Clinical handover is a pivotal, high-risk communicative event in hospital practice. Studies investigating critical incidents, mortality, risk and patient harm in hospitals have highlighted ineffective communication as a major contributing factor. With over 52 million clinical handovers performed nationally each year, each represents an opportunity for miscommunication and a subsequent risk to patient safety.
Ward 7N pilot at St Vincent’s Hospital Sydney
In 2018, Diana Slade and her team from the Australian National University (ANU) collaborated with St Vincent’s Hospital Sydney to undertake a pilot clinical handover translational research and training project to improve nursing handover practice.
Comprehensive data was collected including interviews, observations of nursing handovers and video recordings of actual handovers. The data was then analysed, with findings used to inform the development of a targeted intervention. Based on analysis of this data, the ICH team made extensive recommendations to improve clinical handover on the ward to ward nursing staff as well as nurse managers and senior managers across the hospital.
Anna Thornton, Director of Nursing at St Vincent’s Hospital Sydney, calls the project a “game-changer ” with significant improvements to nursing handover practice, patient safety and quality of care. As a result of the project, there was a 52% reduction in inpatient falls, a 22% decrease in the number of newly acquired pressure injuries and a 21% reduction in the number of reported medication errors (over the 5-month post-intervention period compared to the average of the same months over the previous three years).

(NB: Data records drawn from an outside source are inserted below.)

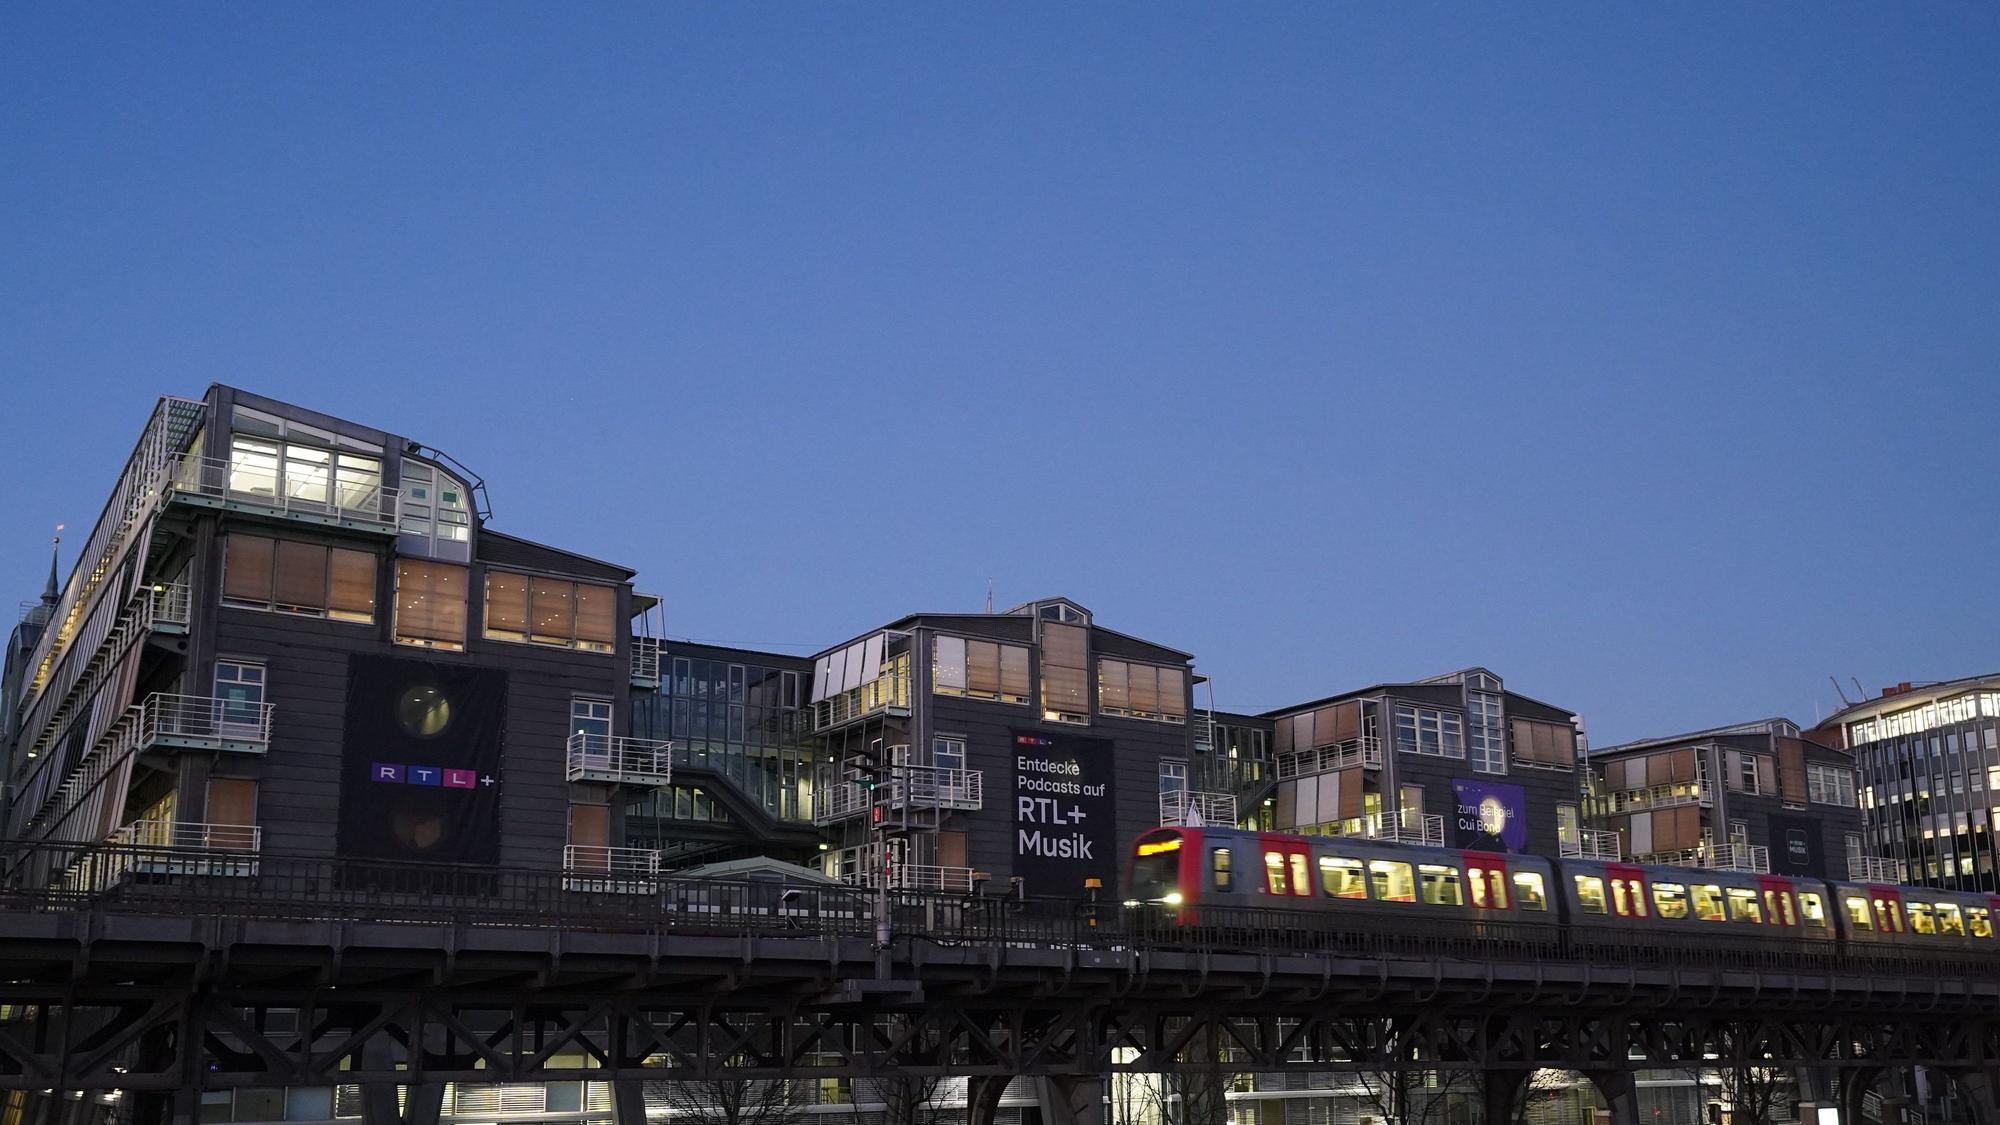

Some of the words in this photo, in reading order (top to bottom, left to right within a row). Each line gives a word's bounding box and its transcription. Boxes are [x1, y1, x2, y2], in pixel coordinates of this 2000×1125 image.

[1017, 756, 1080, 776] Entdecke
[380, 767, 495, 786] RTL+
[1017, 775, 1081, 795] Podcasts
[1083, 783, 1106, 797] auf
[1018, 796, 1087, 825] RTL+
[1458, 804, 1478, 816] zum
[1459, 818, 1475, 831] Cui
[1018, 829, 1093, 860] Musik
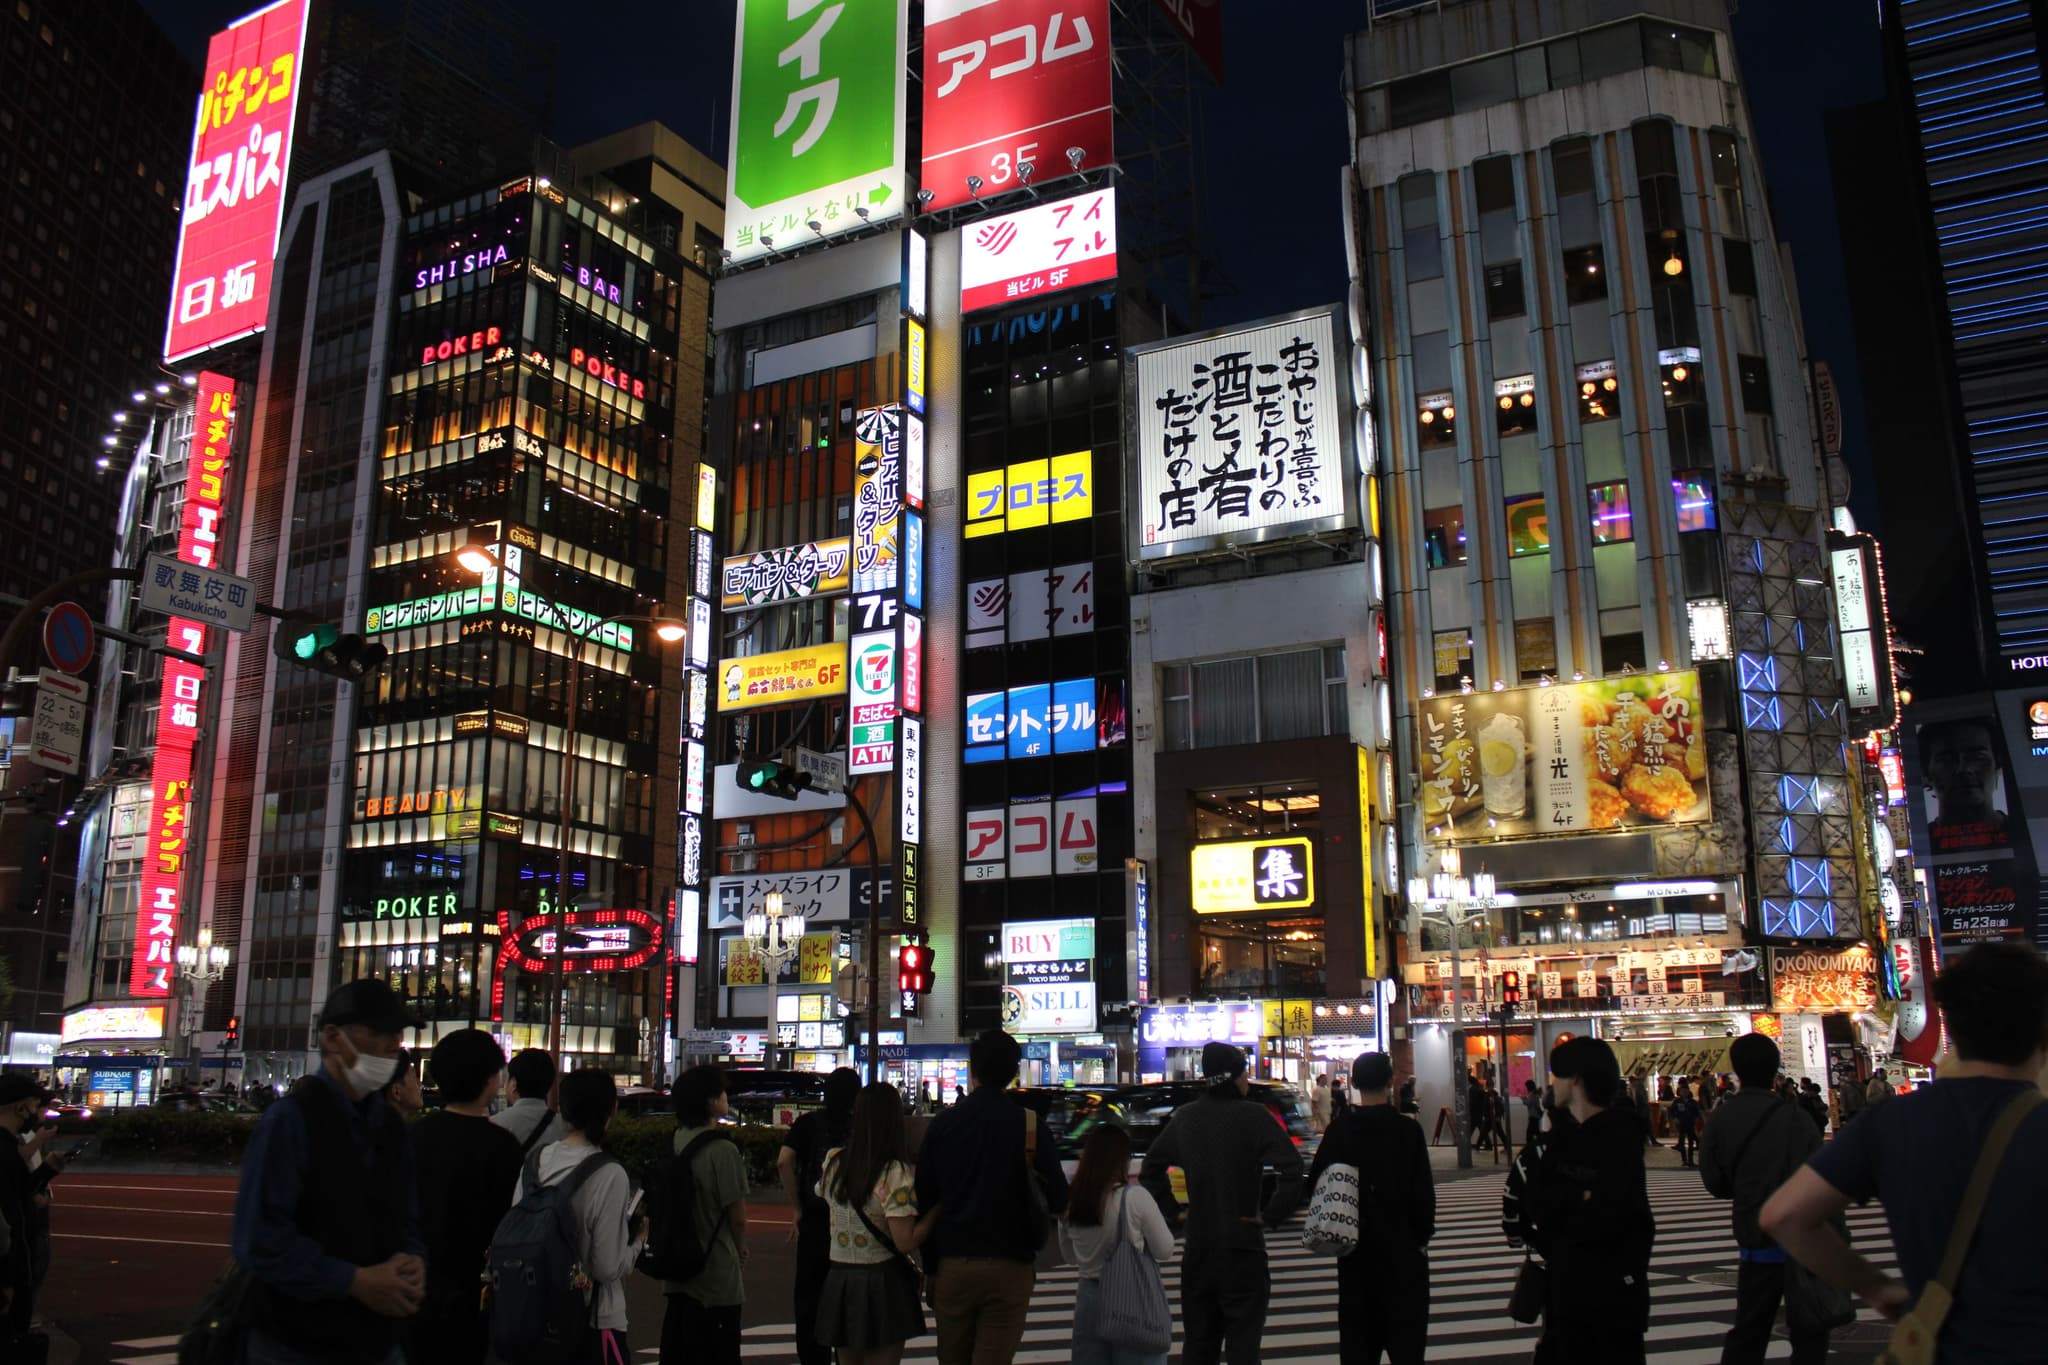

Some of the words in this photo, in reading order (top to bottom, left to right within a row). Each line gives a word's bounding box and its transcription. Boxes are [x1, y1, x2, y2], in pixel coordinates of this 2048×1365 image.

[937, 12, 1095, 98] アコム
[199, 53, 295, 136] パチンコ
[185, 123, 283, 226] エスパス
[990, 142, 1039, 184] 3F
[736, 191, 861, 249] 当ビルとなり
[1052, 195, 1103, 229] アイ
[1052, 231, 1107, 261] フル
[416, 244, 508, 289] SHISHA
[578, 266, 620, 304] BAR
[1006, 276, 1046, 297] 当ビル
[1050, 269, 1070, 287] 5F
[422, 326, 501, 363] POKER
[571, 348, 645, 399] POKER
[1191, 351, 1257, 520] 酒と肴
[1253, 364, 1290, 511] こだわりの
[1279, 337, 1321, 509] おやじが喜ぶ
[200, 392, 232, 500] パチンコ
[1155, 388, 1199, 532] だけの店
[976, 472, 1088, 516] プロミス
[155, 563, 248, 609] 歌舞伎町
[169, 594, 227, 620] Kabukicho
[858, 594, 897, 629] 7F
[817, 663, 841, 685] 6F
[906, 651, 918, 697] アコム
[1856, 682, 1868, 696] 光
[866, 725, 885, 743] 酒
[967, 702, 1096, 741] セントラル
[1615, 692, 1637, 753] チキンが
[855, 747, 893, 766] ATM
[1026, 743, 1040, 755] 4F
[1642, 716, 1669, 776] 猛烈に
[1426, 712, 1456, 830] レモンサワー
[1550, 757, 1569, 779] 光
[367, 788, 465, 817] BEAUTY
[1552, 810, 1574, 827] 4F
[157, 780, 188, 874] パチンコ
[968, 811, 1096, 860] アコム
[747, 875, 841, 898] メンズライフ
[976, 866, 995, 878] 3F
[1256, 848, 1304, 898] 集
[376, 894, 458, 920] POKER
[145, 887, 177, 989] エスパス
[1011, 933, 1057, 955] BUY
[1774, 954, 1877, 973] OKONOMIYAKI
[1031, 990, 1088, 1010] SELL
[1780, 974, 1869, 995] お好み焼き
[1289, 1006, 1309, 1030] 集

Phase 2: Expanding the project to three hospitals across the St Vincent’s Health Network
Following the success of the pilot, the ICH team received funding from the Handbury Family Trust and St Vincent's Curran Foundation to roll out the project across several other wards in St Vincent’s Hospital Sydney, St Joseph’s Hospital and St Vincent’s Hospital Melbourne.
In February 2020, the ICH team gathered data in the Rehabilitation Ward (Rehab) and Palliative Care Unit (PCU) at St Joseph’s Hospital. This included ethnographic observations, interviews with staff and patients and recordings of multidisciplinary team huddles and nursing clinical handovers. In line with the pilot of the project, the team made a suite of context-specific recommendations and provided tailored training.